Habertürk
    Takipde Kalın!
      Günlük gelişmeleri takip edebilmek için habertürk uygulamasını indirin
        Sesli Dinle
        0:00 / 0:00

        Millet İttifakı ve adayının en önemli sorununu tek kelimeyle tanımla deseler “güven” derdim.

        Belki de tüm süreci etkileyen temel sorun, ittifakın ve Kılıçdaroğlu’nun tüm seçmende güven duygusunu yaratmamasıdır.

        Mesele vaatler değil, onu dile getiren aday ve arkasındaki 6 Cumhurbaşkanı yardımcısının yarattığı duygudur.

        SEÇİMİN ANA GÜNDEMİNİ ISKALADI

        Bu seçimde halkın gündeminde üç ana konu vardı.

        1. Ekonomik kriz

        2. Terör/güvenlik kaygıları

        3. Deprem

        Bu üç konunun önem sıralaması büyük şehirlere ve Anadolu'ya göre değişti.
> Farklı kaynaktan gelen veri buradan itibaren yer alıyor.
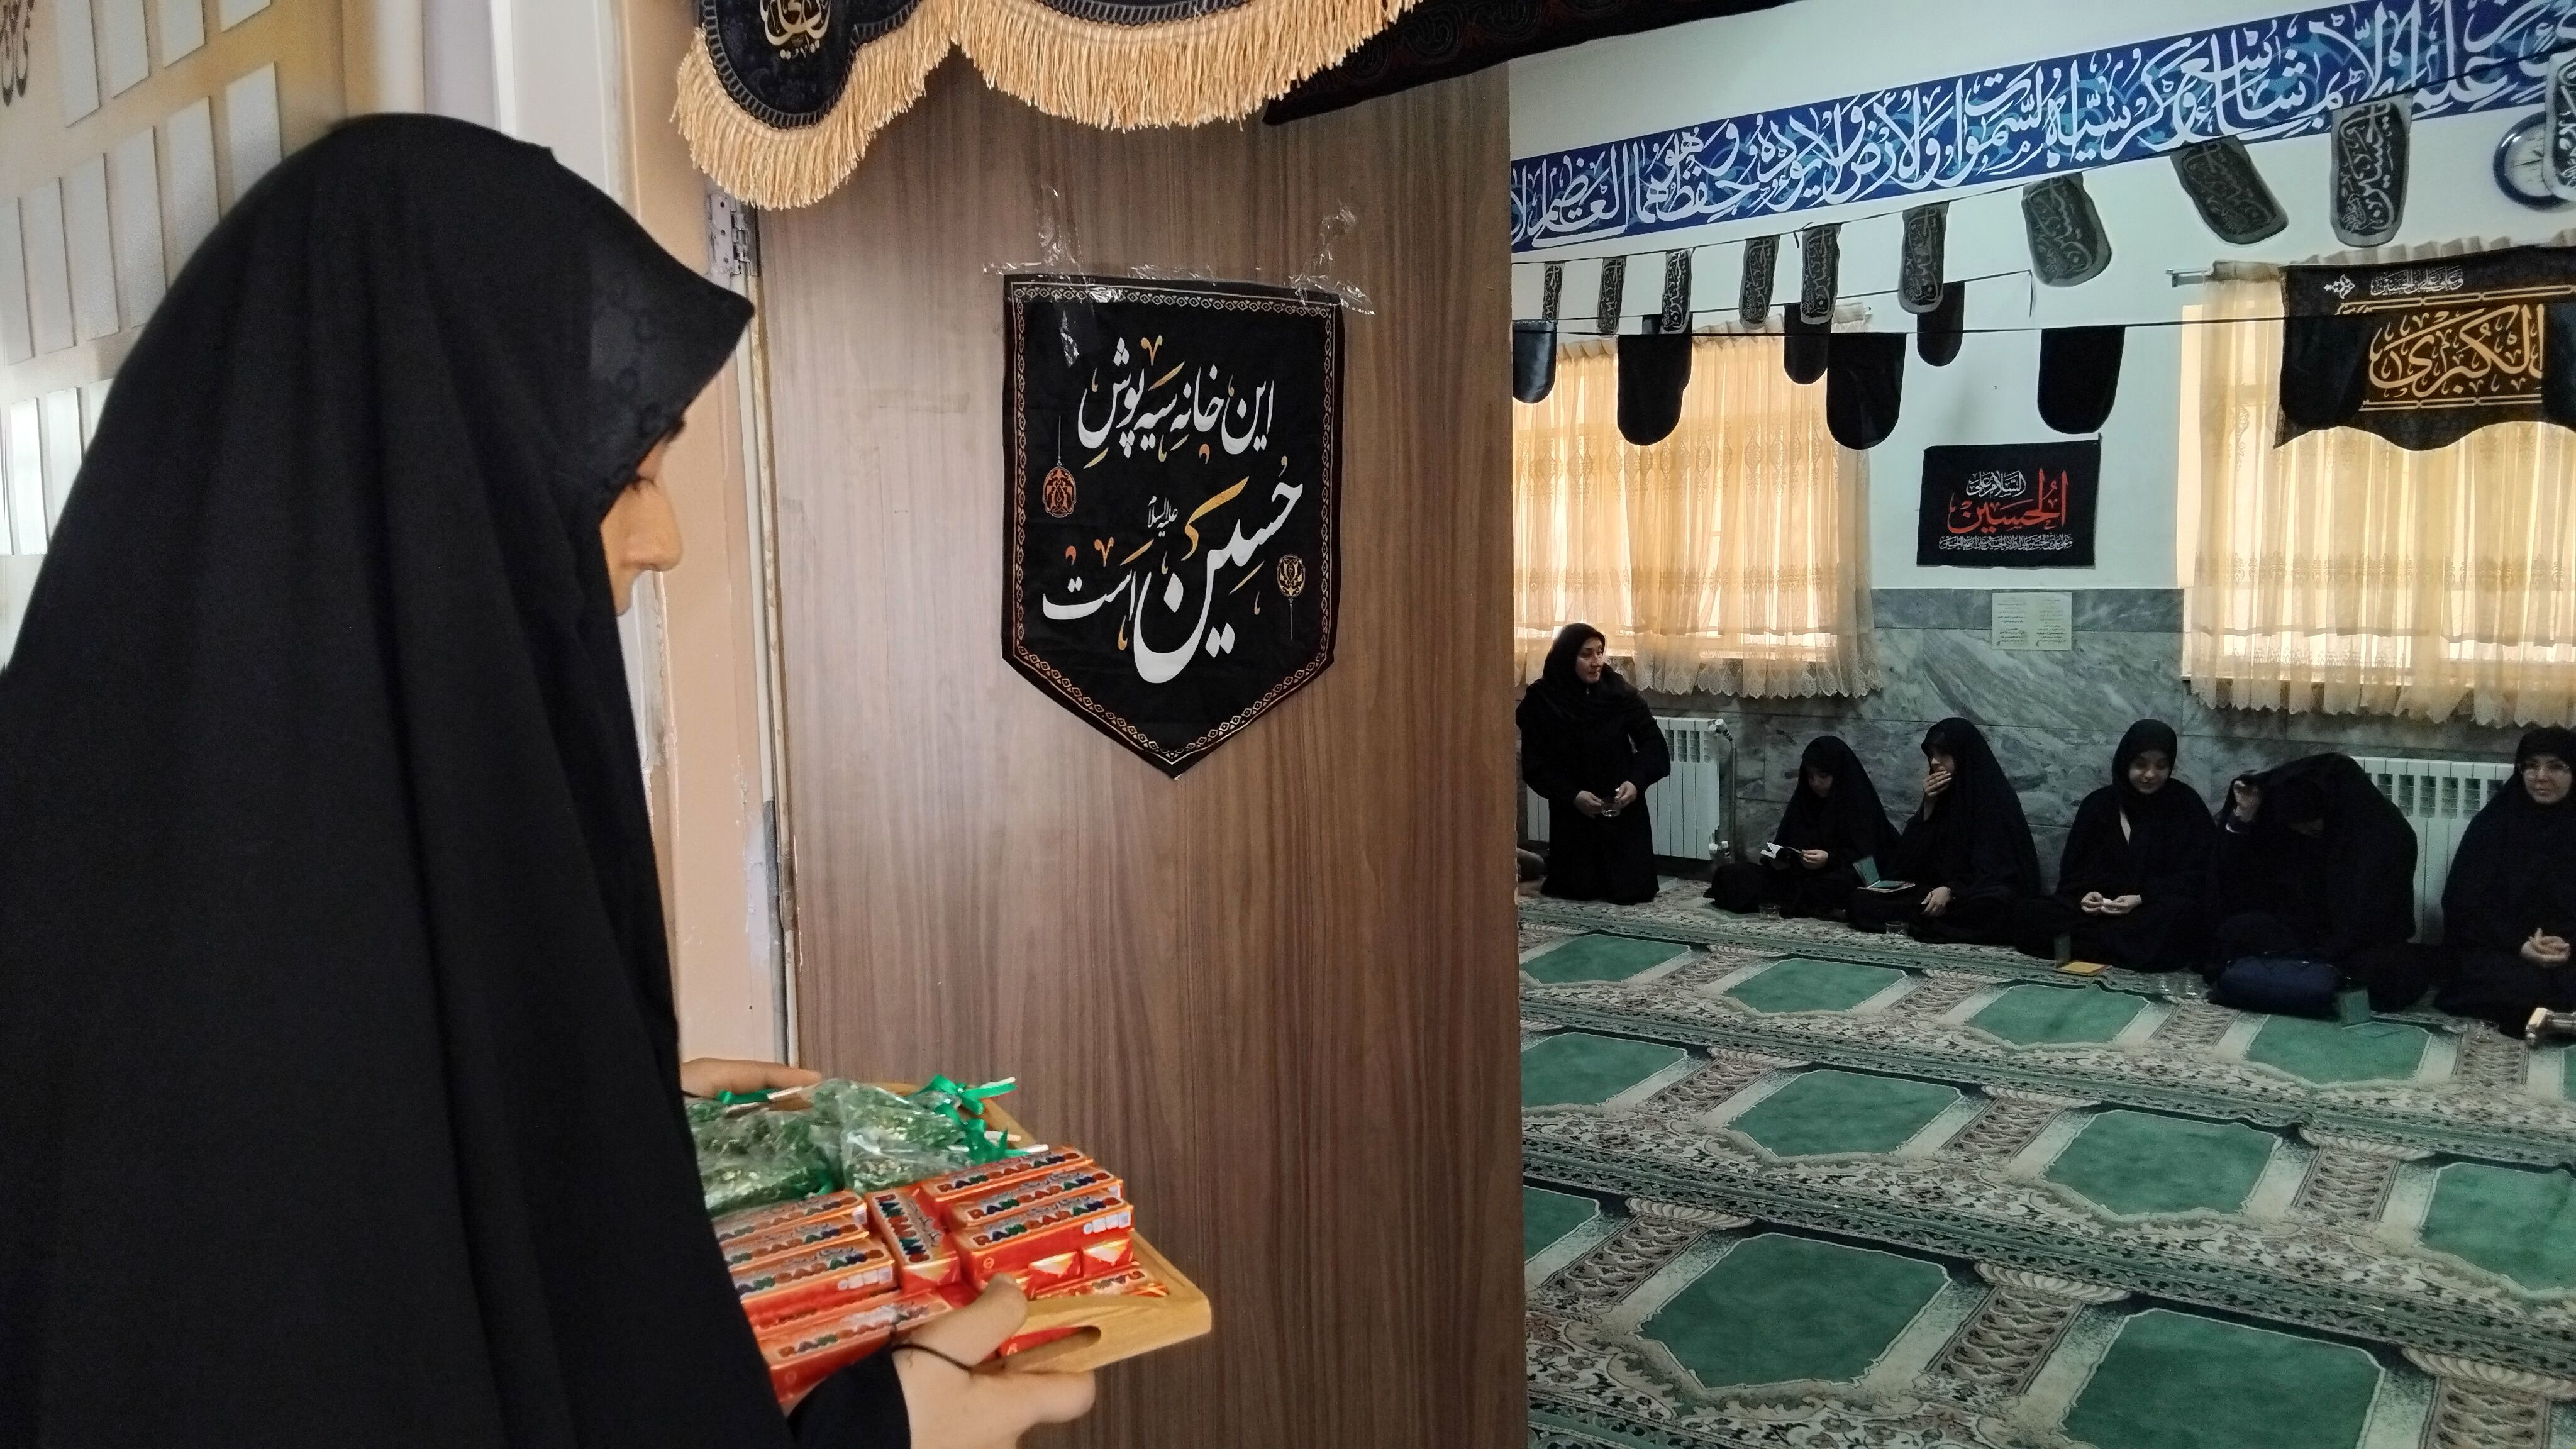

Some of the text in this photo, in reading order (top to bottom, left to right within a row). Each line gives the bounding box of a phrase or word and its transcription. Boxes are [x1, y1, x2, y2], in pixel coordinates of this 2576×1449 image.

[1170, 364, 1225, 434] خانه
[1221, 380, 1275, 455] این
[1042, 482, 1304, 684] حسین است
Örneğin İç Anadolu ve Karadeniz havzasının birinci gündemi terör/güvenlik politikasıyken, Akdeniz Havzasının gündemi ekonomik krizdi.

        Millet İttifakı tüm seçim kampanyasını bu üç unsurun üzerine inşa etmeliydi. Ancak ittifakın seçim kampanyasında konular, mesajlar, vaatler karışık gitti. Özellikle Anadolu'da terör/güvenlik konusunda milletin kaygısını gideremedi.

        SEÇİMİ KAYBETMENİN ÜÇ NEDENİ

        Bu seçimi kaybetmenin üç temel nedeni nedir diye sorarsanız şunu derim:

        1. Aday doğru isim değildi

        2. HDP ile yakınlaşma ölümcül hataydı

        3. Ortak liste yanlıştı

        Bu üç konu seçimin temel taşı olan “güven” duygusunun oluşmasına engel oldu.

        ADAYIN YANLIŞ OLDUĞUNU MASA BİLİYORDU

        Masada oturan 6 liderden üçü, Kemal Kılıçdaroğlu’nun aday olması halinde seçimi kazanamayacaklarını biliyorlardı.

        Yine bu 6 partinin beşi HDP ile yakınlaşma halinde bunun seçmende büyük tepki doğuracağını da biliyorlardı.

        1.5 yıl boyunca toplanıp bu iki hayati konuyu çözmek yerine, kimsenin okumadığı, entelektüel düzeyde kalmış program metinleri, mutabakat zabıtları, yol haritalarını çalıştılar.

        "Adayınızı açıklayın" dendiğinde, "Aceleniz ne, erken açıklayıp adayımızı yıpratmayacağız" dediler. Sonra yıpranmış bir adayı seçtiler.

        Kimseyi dinlemediler, eleştirilere kapıyı kapattılar.

        Teşkilatlarını, sahayı, seçmen psikolojisini, milletin hassasiyetlerini tam okuyamadılar.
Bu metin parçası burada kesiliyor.